Data for analysis below:
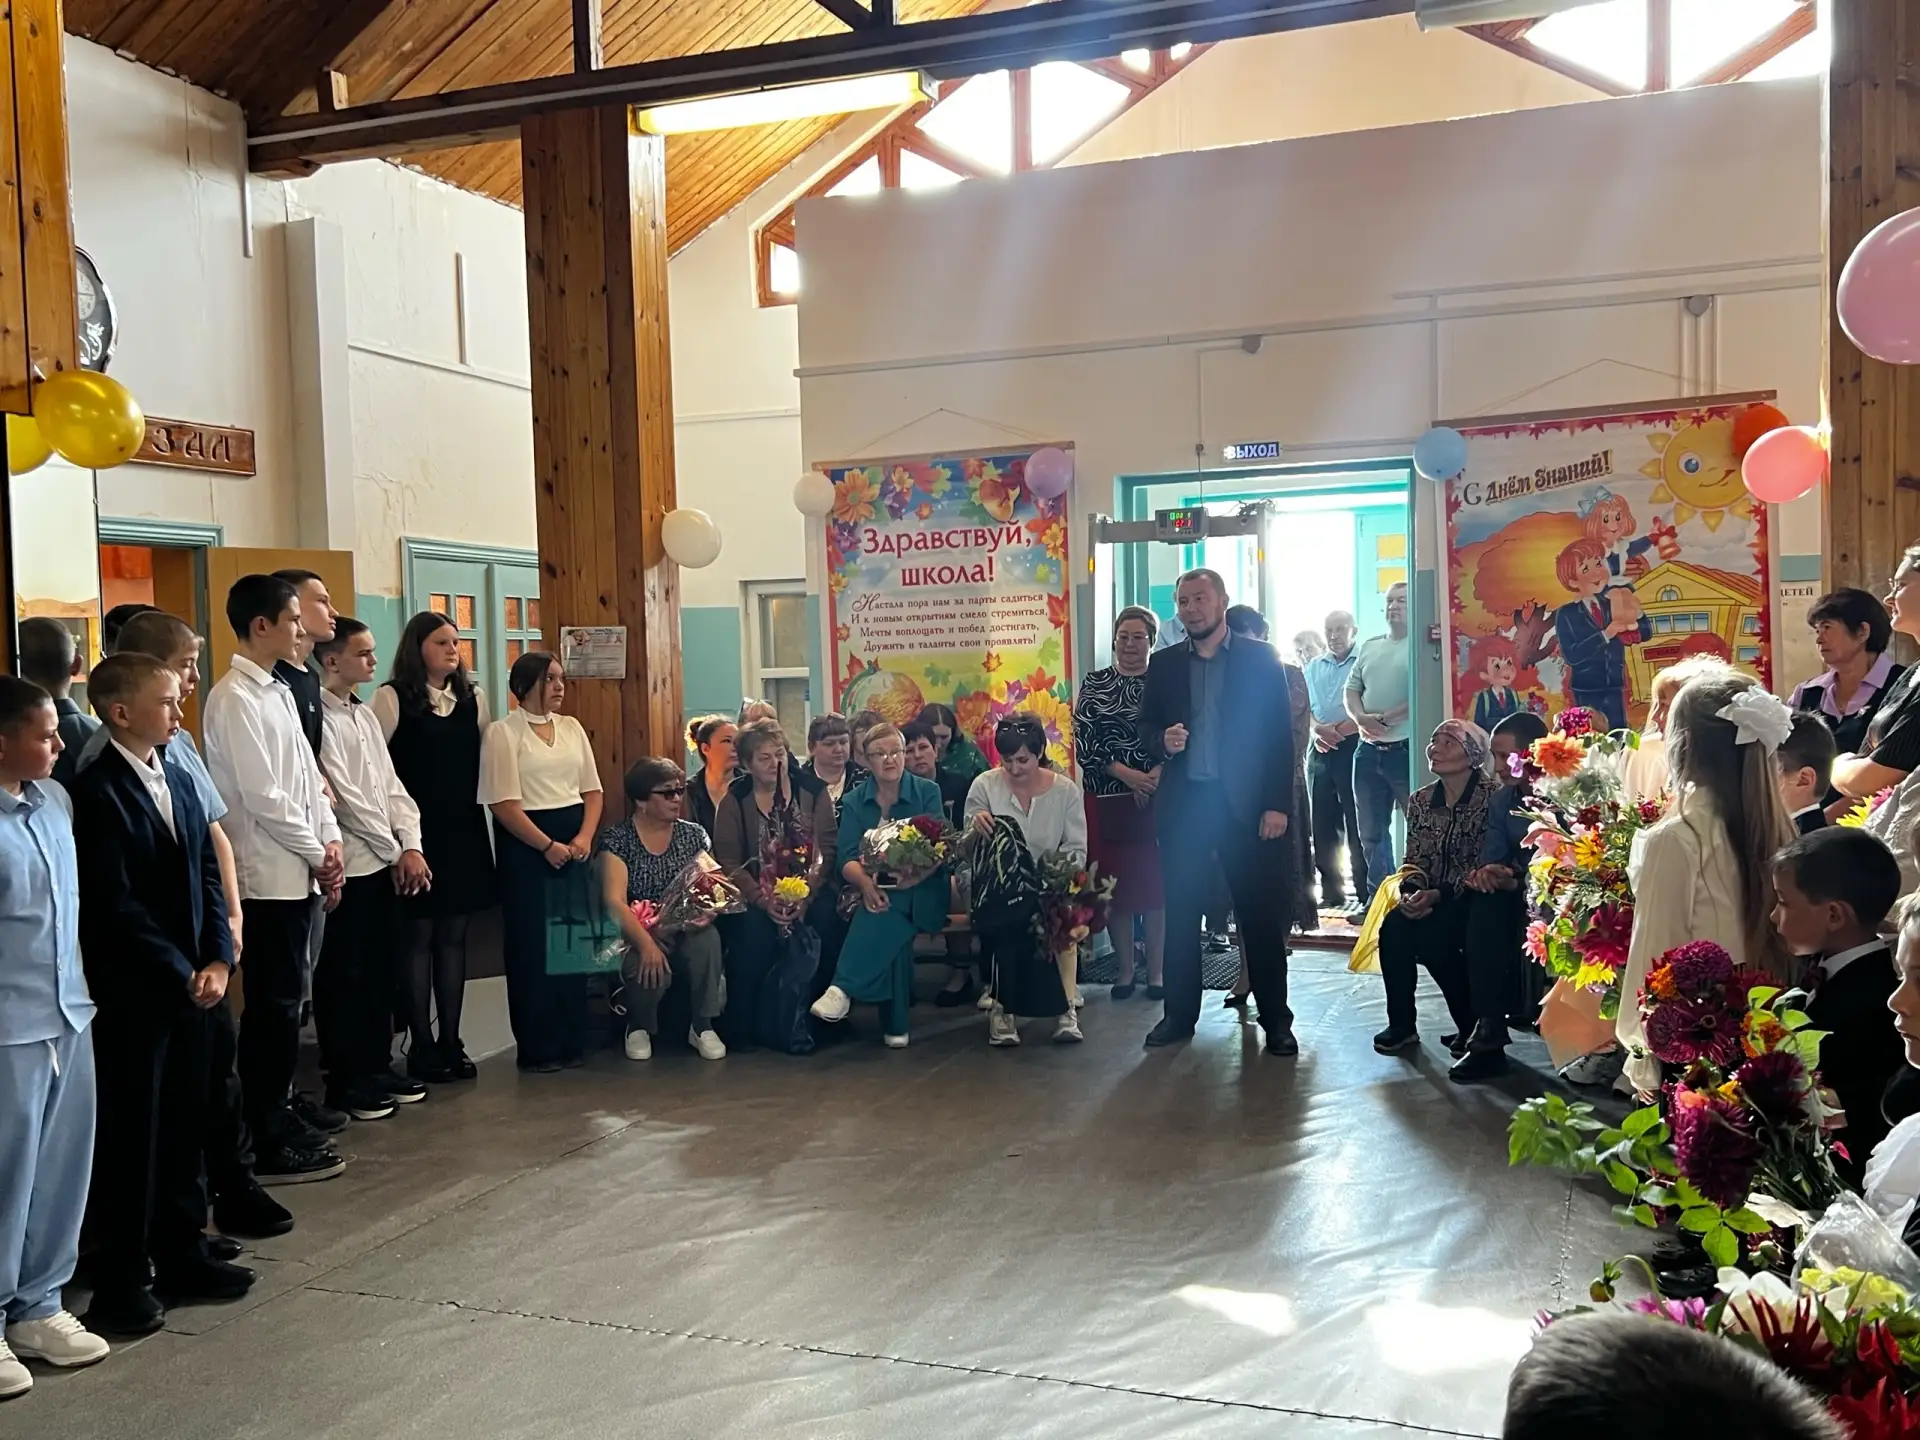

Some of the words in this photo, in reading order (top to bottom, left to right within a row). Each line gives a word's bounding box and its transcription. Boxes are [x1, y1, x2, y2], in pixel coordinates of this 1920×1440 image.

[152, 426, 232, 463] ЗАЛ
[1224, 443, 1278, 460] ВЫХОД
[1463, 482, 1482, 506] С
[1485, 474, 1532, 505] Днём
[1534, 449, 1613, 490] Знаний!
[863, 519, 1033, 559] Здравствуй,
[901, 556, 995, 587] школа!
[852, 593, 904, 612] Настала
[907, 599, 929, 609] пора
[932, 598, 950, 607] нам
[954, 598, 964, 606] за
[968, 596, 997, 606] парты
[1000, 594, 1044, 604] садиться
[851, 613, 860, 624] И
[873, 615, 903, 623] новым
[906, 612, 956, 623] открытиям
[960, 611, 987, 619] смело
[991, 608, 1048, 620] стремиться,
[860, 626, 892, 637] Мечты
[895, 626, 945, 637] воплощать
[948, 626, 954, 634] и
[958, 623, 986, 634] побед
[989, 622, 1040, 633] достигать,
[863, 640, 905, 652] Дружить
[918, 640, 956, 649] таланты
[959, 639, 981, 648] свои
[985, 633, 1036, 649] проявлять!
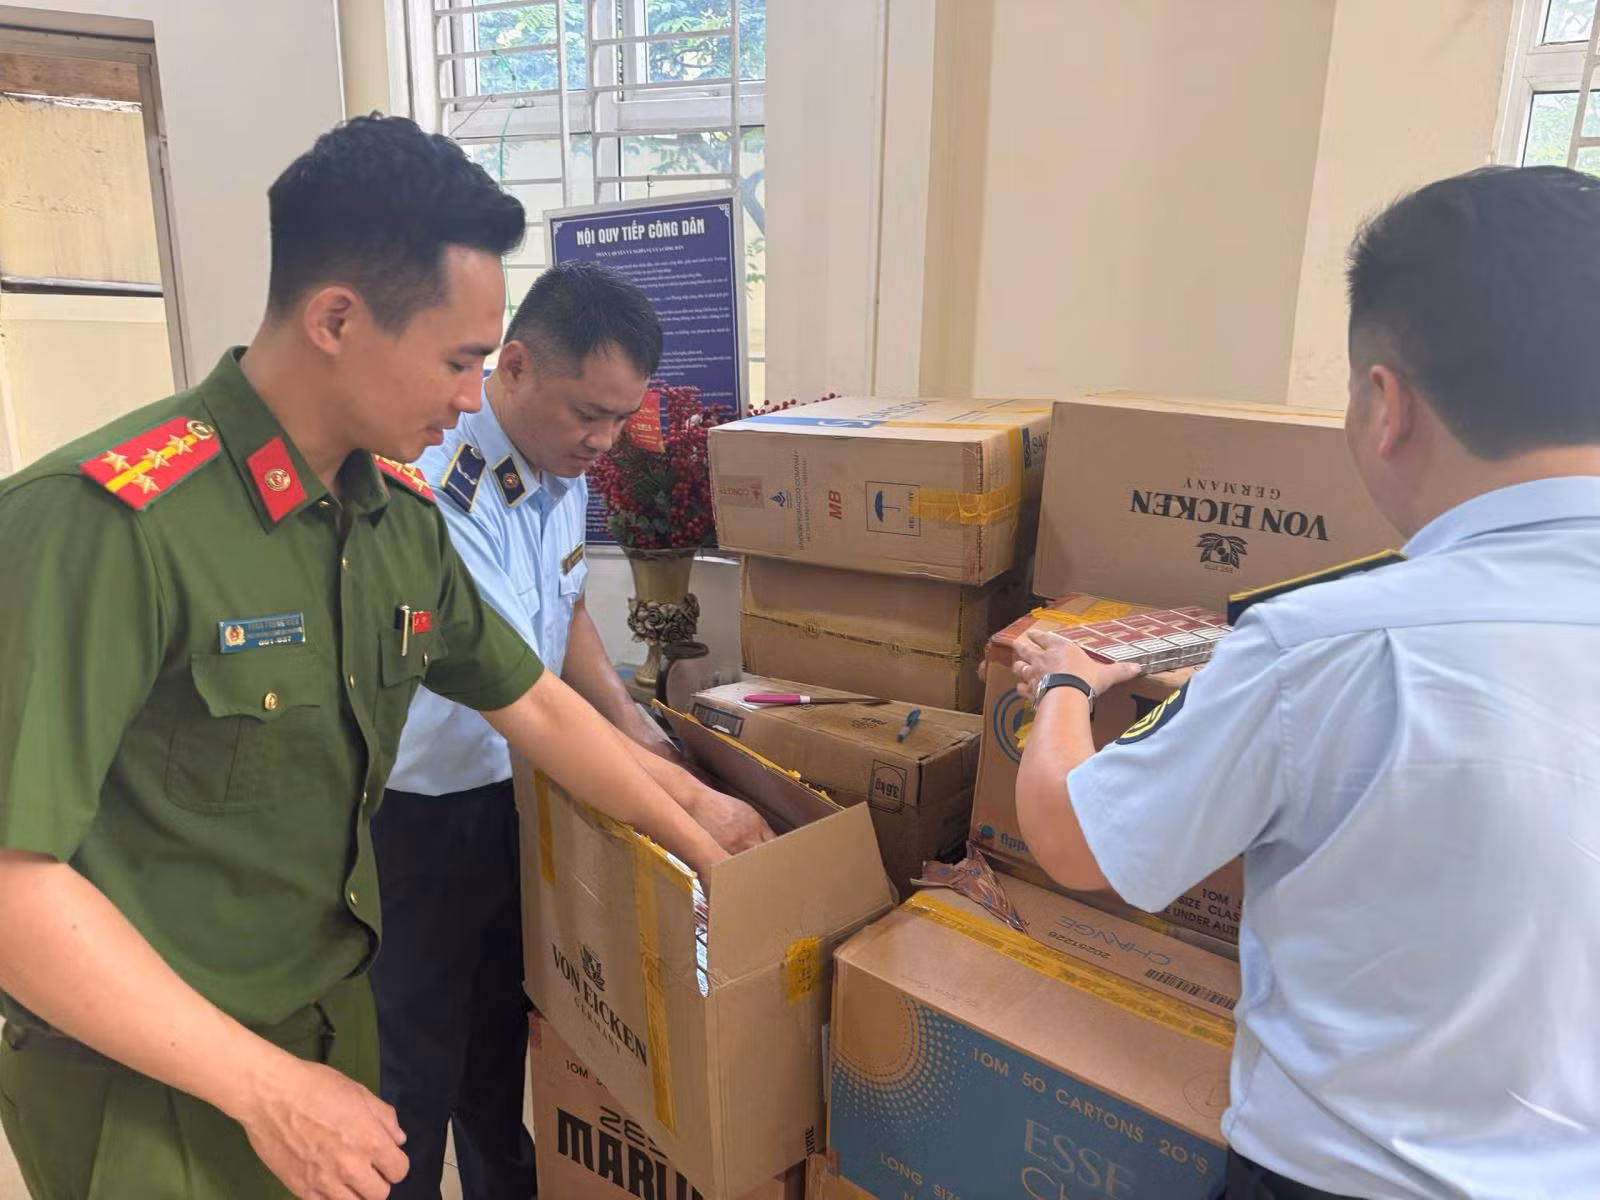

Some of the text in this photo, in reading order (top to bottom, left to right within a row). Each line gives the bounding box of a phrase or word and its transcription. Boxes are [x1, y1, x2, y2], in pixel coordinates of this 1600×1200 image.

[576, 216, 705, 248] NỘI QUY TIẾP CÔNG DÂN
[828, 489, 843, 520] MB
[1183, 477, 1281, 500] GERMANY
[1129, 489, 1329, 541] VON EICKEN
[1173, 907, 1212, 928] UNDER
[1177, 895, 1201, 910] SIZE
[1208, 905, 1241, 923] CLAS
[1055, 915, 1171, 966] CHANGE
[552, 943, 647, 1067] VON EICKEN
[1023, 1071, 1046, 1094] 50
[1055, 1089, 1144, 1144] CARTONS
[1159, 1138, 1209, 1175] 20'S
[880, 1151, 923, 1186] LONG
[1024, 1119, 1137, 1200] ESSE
End of Data for analysis.
◆ **Exercise prompt**
The entries above are to be repeated exactly, except for any pictures.

◆ **The completed task**
Some of the words in this photo, in reading order (top to bottom, left to right within a row). Each line gives a word's bounding box and its transcription. Boxes are [x1, y1, x2, y2], in pixel coordinates of this 1920×1440 image.

[152, 426, 232, 463] ЗАЛ
[1224, 443, 1278, 460] ВЫХОД
[1463, 482, 1482, 506] С
[1485, 474, 1532, 505] Днём
[1534, 449, 1613, 490] Знаний!
[863, 519, 1033, 559] Здравствуй,
[901, 556, 995, 587] школа!
[852, 593, 904, 612] Настала
[907, 599, 929, 609] пора
[932, 598, 950, 607] нам
[954, 598, 964, 606] за
[968, 596, 997, 606] парты
[1000, 594, 1044, 604] садиться
[851, 613, 860, 624] И
[873, 615, 903, 623] новым
[906, 612, 956, 623] открытиям
[960, 611, 987, 619] смело
[991, 608, 1048, 620] стремиться,
[860, 626, 892, 637] Мечты
[895, 626, 945, 637] воплощать
[948, 626, 954, 634] и
[958, 623, 986, 634] побед
[989, 622, 1040, 633] достигать,
[863, 640, 905, 652] Дружить
[918, 640, 956, 649] таланты
[959, 639, 981, 648] свои
[985, 633, 1036, 649] проявлять!

Some of the text in this photo, in reading order (top to bottom, left to right within a row). Each line gives the bounding box of a phrase or word and its transcription. Boxes are [x1, y1, x2, y2], in pixel coordinates of this 1600×1200 image.

[576, 216, 705, 248] NỘI QUY TIẾP CÔNG DÂN
[828, 489, 843, 520] MB
[1183, 477, 1281, 500] GERMANY
[1129, 489, 1329, 541] VON EICKEN
[1173, 907, 1212, 928] UNDER
[1177, 895, 1201, 910] SIZE
[1208, 905, 1241, 923] CLAS
[1055, 915, 1171, 966] CHANGE
[552, 943, 647, 1067] VON EICKEN
[1023, 1071, 1046, 1094] 50
[1055, 1089, 1144, 1144] CARTONS
[1159, 1138, 1209, 1175] 20'S
[880, 1151, 923, 1186] LONG
[1024, 1119, 1137, 1200] ESSE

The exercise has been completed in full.